Exercise requirements | A verbatim transcript of the data that follows, free of images, is the expected result.

Supplied material |
• • • • •

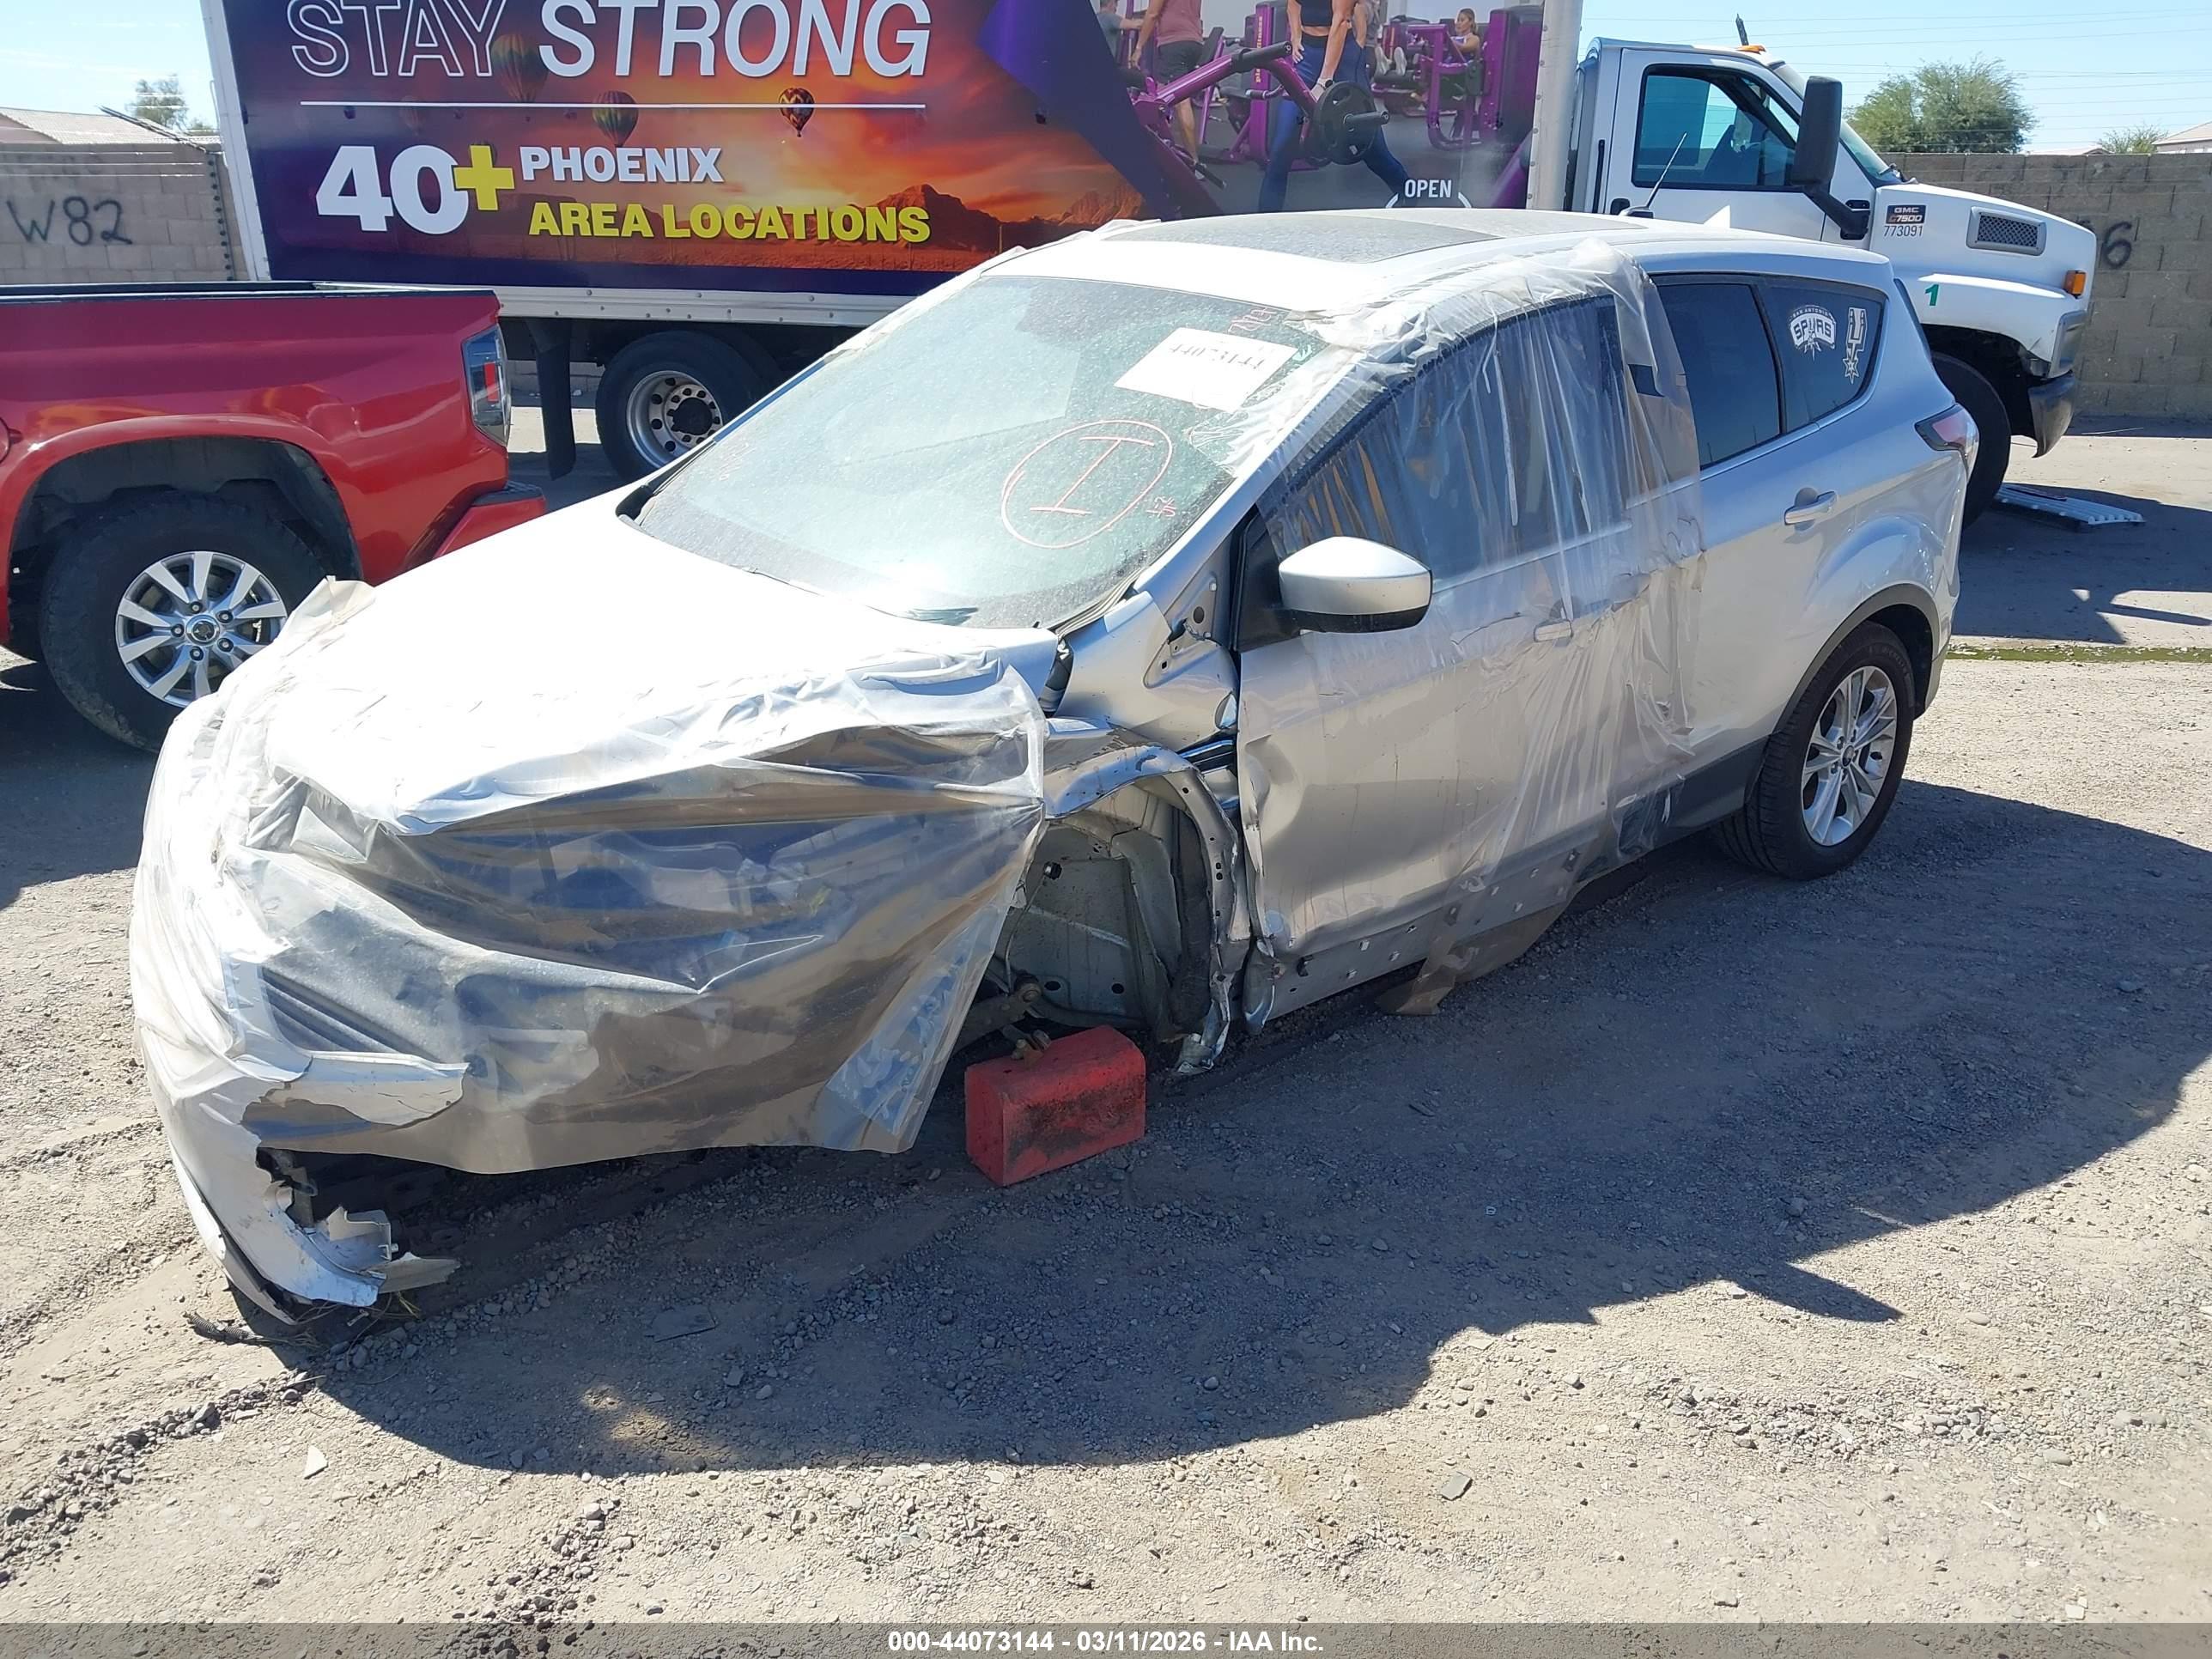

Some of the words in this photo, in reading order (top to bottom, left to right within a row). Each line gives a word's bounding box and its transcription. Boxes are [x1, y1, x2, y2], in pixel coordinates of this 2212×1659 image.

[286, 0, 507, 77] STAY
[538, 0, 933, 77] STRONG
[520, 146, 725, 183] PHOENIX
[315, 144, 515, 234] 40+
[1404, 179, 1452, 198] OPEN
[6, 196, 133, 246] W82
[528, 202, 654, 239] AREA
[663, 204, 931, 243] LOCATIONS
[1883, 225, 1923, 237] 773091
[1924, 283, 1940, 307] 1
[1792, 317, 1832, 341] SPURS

• • • • •

Written reply |
Some of the words in this photo, in reading order (top to bottom, left to right within a row). Each line gives a word's bounding box and its transcription. Boxes are [x1, y1, x2, y2], in pixel coordinates of this 2212×1659 image.

[286, 0, 507, 77] STAY
[538, 0, 933, 77] STRONG
[520, 146, 725, 183] PHOENIX
[315, 144, 515, 234] 40+
[1404, 179, 1452, 198] OPEN
[6, 196, 133, 246] W82
[528, 202, 654, 239] AREA
[663, 204, 931, 243] LOCATIONS
[1883, 225, 1923, 237] 773091
[1924, 283, 1940, 307] 1
[1792, 317, 1832, 341] SPURS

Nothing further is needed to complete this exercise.